- Work item
When you reach the entries below, transcribe each line word for word.

- Input

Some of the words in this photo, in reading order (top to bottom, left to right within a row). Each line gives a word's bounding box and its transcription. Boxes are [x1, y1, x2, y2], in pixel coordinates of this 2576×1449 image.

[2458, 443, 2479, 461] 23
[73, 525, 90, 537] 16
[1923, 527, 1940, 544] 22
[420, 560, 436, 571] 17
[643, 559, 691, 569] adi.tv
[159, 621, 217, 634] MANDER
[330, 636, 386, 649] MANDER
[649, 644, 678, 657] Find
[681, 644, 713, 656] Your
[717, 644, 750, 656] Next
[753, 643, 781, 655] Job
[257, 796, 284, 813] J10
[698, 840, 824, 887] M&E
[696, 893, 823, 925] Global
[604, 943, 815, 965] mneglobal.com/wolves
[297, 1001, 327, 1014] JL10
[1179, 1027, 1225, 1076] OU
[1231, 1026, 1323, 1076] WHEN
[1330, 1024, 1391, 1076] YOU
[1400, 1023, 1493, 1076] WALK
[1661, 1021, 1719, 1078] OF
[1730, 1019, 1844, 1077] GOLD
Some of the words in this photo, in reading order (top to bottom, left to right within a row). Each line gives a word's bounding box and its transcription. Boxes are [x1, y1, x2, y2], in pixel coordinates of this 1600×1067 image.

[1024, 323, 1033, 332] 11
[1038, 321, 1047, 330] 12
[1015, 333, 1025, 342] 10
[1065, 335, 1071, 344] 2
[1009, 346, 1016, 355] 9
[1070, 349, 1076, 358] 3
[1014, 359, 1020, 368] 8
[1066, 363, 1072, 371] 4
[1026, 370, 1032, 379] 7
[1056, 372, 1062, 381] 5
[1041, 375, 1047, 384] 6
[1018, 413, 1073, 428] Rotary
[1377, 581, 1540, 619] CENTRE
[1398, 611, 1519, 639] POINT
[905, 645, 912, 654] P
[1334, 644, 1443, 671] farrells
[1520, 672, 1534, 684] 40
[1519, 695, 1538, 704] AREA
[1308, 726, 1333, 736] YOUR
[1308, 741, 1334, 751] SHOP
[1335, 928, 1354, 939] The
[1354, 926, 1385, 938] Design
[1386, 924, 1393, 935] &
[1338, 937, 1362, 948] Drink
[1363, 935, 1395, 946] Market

- Finished task
Some of the words in this photo, in reading order (top to bottom, left to right within a row). Each line gives a word's bounding box and its transcription. Boxes are [x1, y1, x2, y2], in pixel coordinates of this 2576×1449 image.

[2458, 443, 2479, 461] 23
[73, 525, 90, 537] 16
[1923, 527, 1940, 544] 22
[420, 560, 436, 571] 17
[643, 559, 691, 569] adi.tv
[159, 621, 217, 634] MANDER
[330, 636, 386, 649] MANDER
[649, 644, 678, 657] Find
[681, 644, 713, 656] Your
[717, 644, 750, 656] Next
[753, 643, 781, 655] Job
[257, 796, 284, 813] J10
[698, 840, 824, 887] M&E
[696, 893, 823, 925] Global
[604, 943, 815, 965] mneglobal.com/wolves
[297, 1001, 327, 1014] JL10
[1179, 1027, 1225, 1076] OU
[1231, 1026, 1323, 1076] WHEN
[1330, 1024, 1391, 1076] YOU
[1400, 1023, 1493, 1076] WALK
[1661, 1021, 1719, 1078] OF
[1730, 1019, 1844, 1077] GOLD
Some of the words in this photo, in reading order (top to bottom, left to right within a row). Each line gives a word's bounding box and its transcription. Boxes are [x1, y1, x2, y2], in pixel coordinates of this 1600×1067 image.

[1024, 323, 1033, 332] 11
[1038, 321, 1047, 330] 12
[1015, 333, 1025, 342] 10
[1065, 335, 1071, 344] 2
[1009, 346, 1016, 355] 9
[1070, 349, 1076, 358] 3
[1014, 359, 1020, 368] 8
[1066, 363, 1072, 371] 4
[1026, 370, 1032, 379] 7
[1056, 372, 1062, 381] 5
[1041, 375, 1047, 384] 6
[1018, 413, 1073, 428] Rotary
[1377, 581, 1540, 619] CENTRE
[1398, 611, 1519, 639] POINT
[905, 645, 912, 654] P
[1334, 644, 1443, 671] farrells
[1520, 672, 1534, 684] 40
[1519, 695, 1538, 704] AREA
[1308, 726, 1333, 736] YOUR
[1308, 741, 1334, 751] SHOP
[1335, 928, 1354, 939] The
[1354, 926, 1385, 938] Design
[1386, 924, 1393, 935] &
[1338, 937, 1362, 948] Drink
[1363, 935, 1395, 946] Market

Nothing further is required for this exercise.